[[ Dataset content open ]]

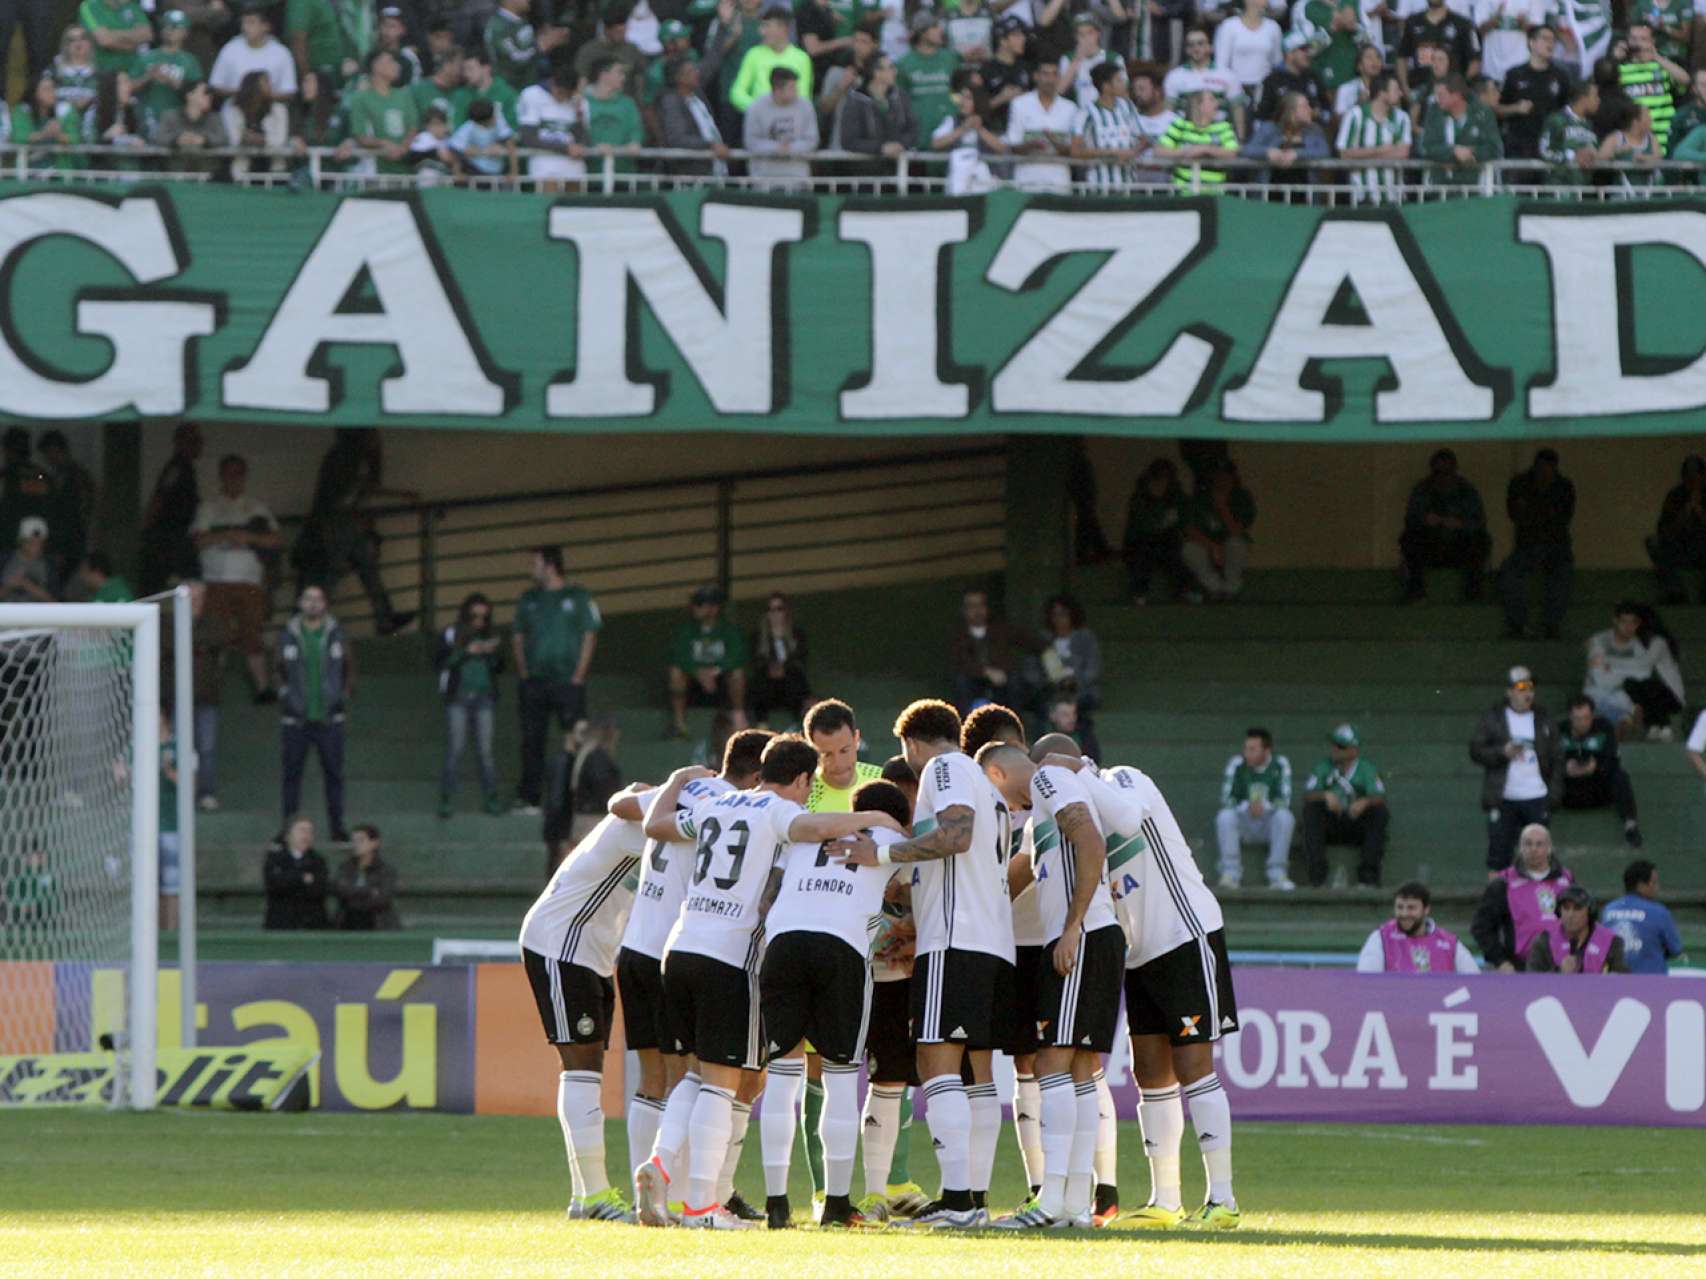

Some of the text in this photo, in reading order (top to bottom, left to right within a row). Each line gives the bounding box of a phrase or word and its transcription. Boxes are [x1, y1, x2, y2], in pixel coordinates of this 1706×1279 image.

[0, 192, 1706, 421] GANIZAD
[693, 816, 750, 891] 83
[797, 878, 854, 896] LEANDRO
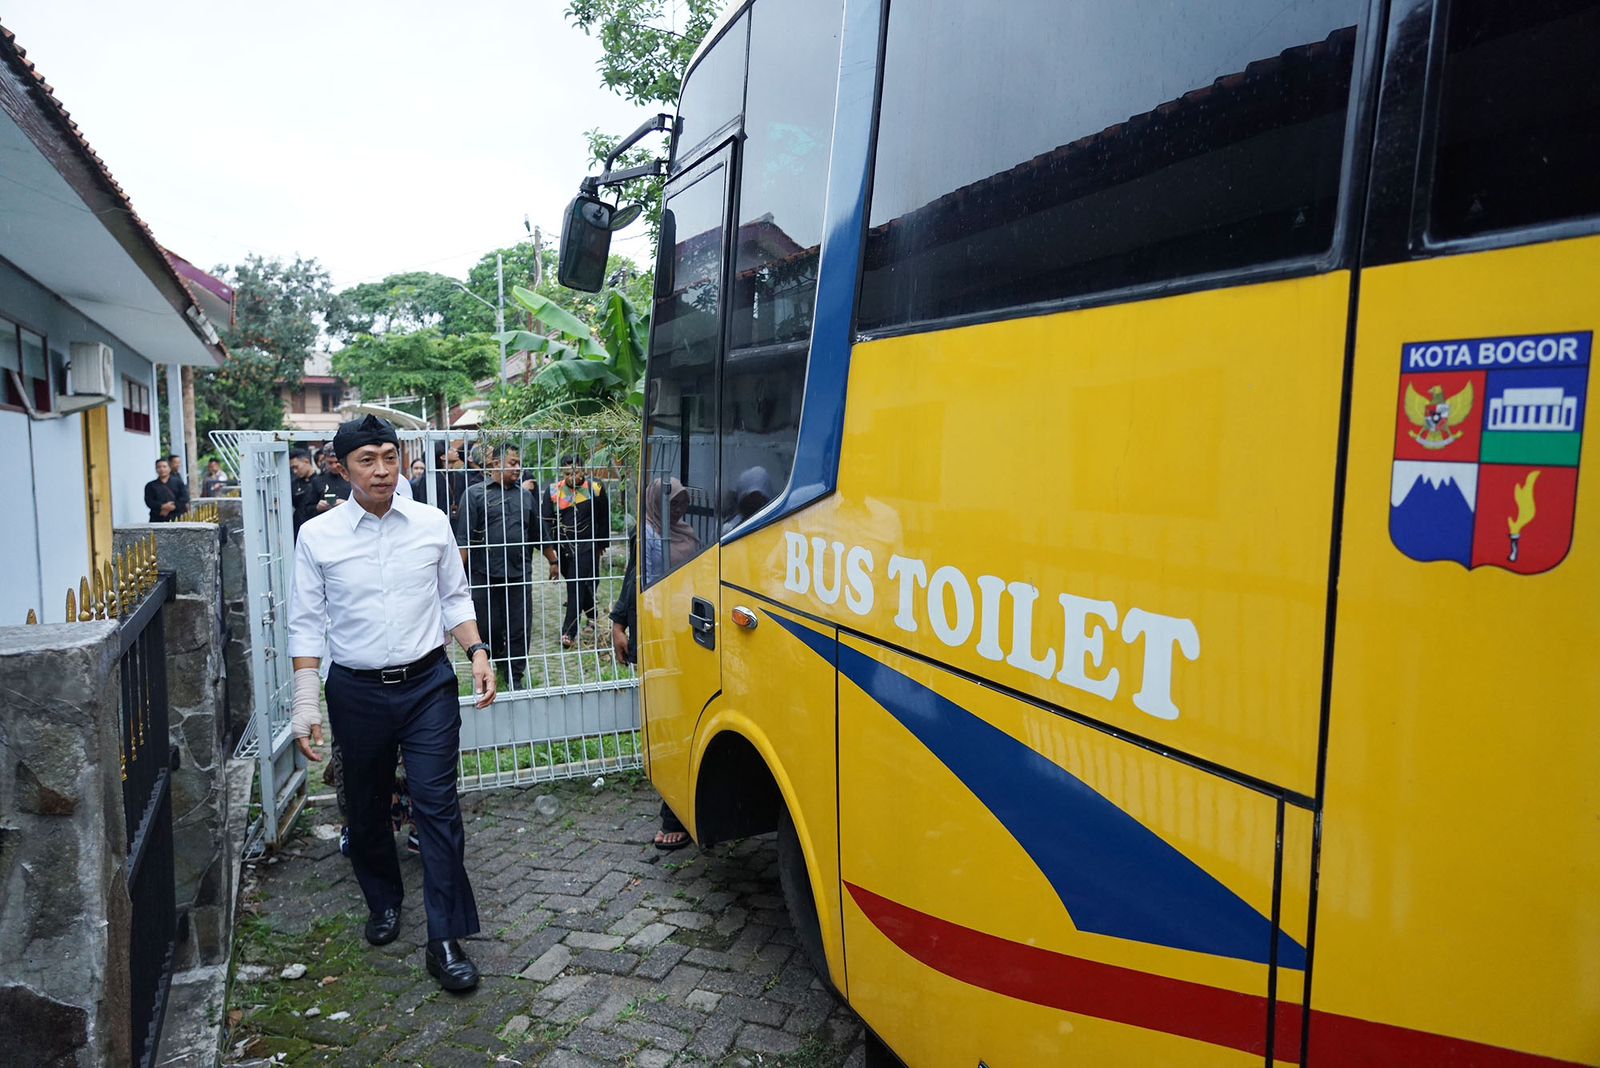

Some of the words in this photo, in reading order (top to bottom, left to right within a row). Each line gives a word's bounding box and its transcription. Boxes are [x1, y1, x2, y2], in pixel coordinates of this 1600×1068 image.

[1409, 344, 1472, 368] KOTA
[1478, 338, 1578, 365] BOGOR
[784, 531, 874, 616] BUS
[887, 554, 1200, 720] TOILET
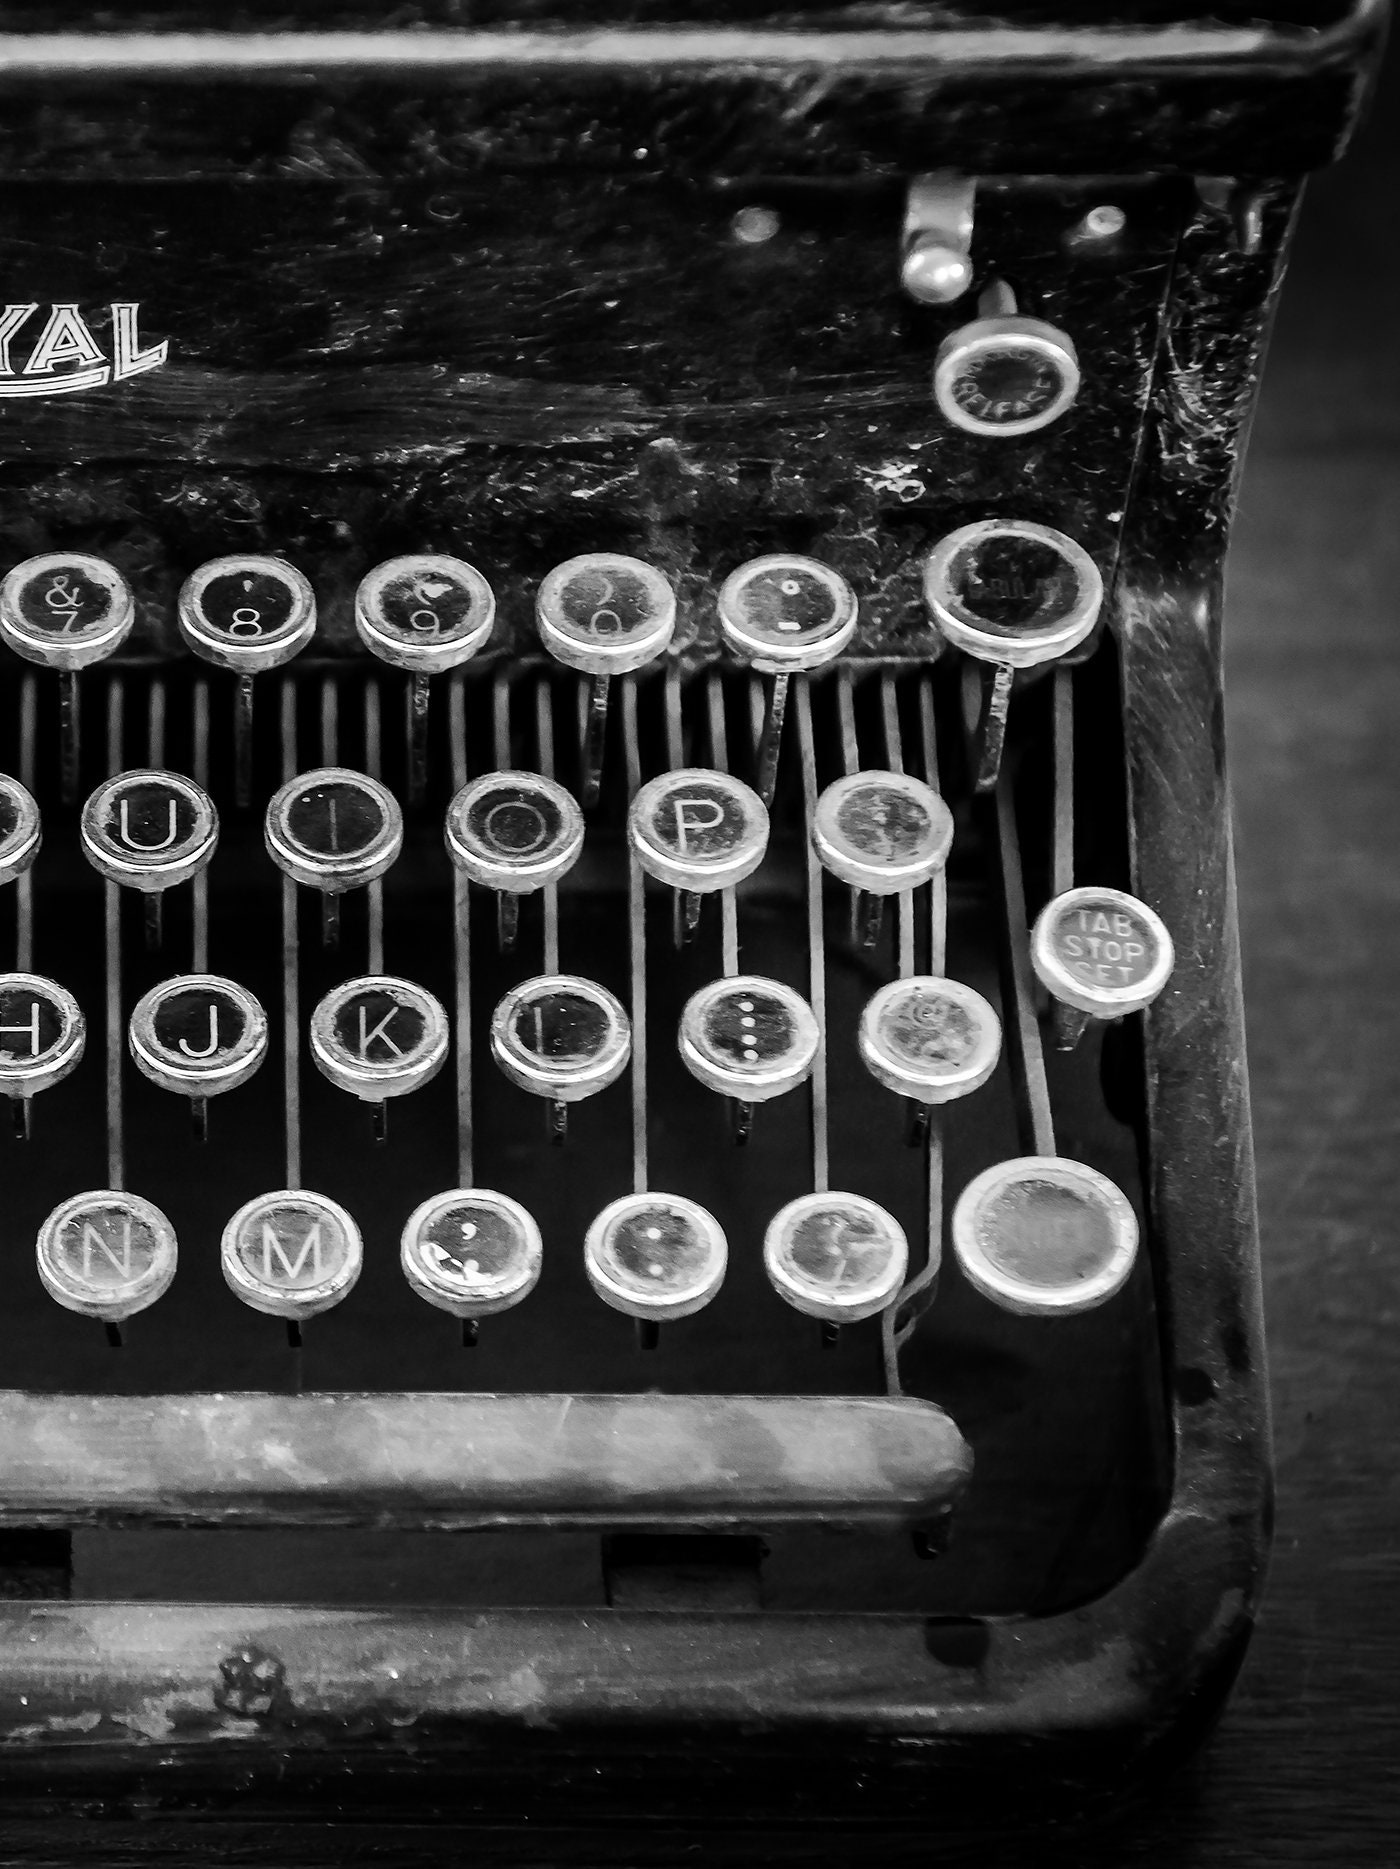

[[ Dataset content closed ]]

### What is required:
An exact copy of the material above is required, free of any pictures.

### Solution to this task:
Some of the text in this photo, in reading order (top to bottom, left to right within a row). Each line gives the bounding box of a phrase or word and its transcription. Boxes are [x1, y1, x2, y2], in pixel coordinates of this 1706×1279 image.

[0, 192, 1706, 421] GANIZAD
[693, 816, 750, 891] 83
[797, 878, 854, 896] LEANDRO

Some of the words in this photo, in reading order (top to bottom, left to right within a row). Each line gives a word's bounding box and its transcription. Boxes are [x1, y1, x2, y2], in pixel coordinates of this 1600×1068 image.

[1409, 344, 1472, 368] KOTA
[1478, 338, 1578, 365] BOGOR
[784, 531, 874, 616] BUS
[887, 554, 1200, 720] TOILET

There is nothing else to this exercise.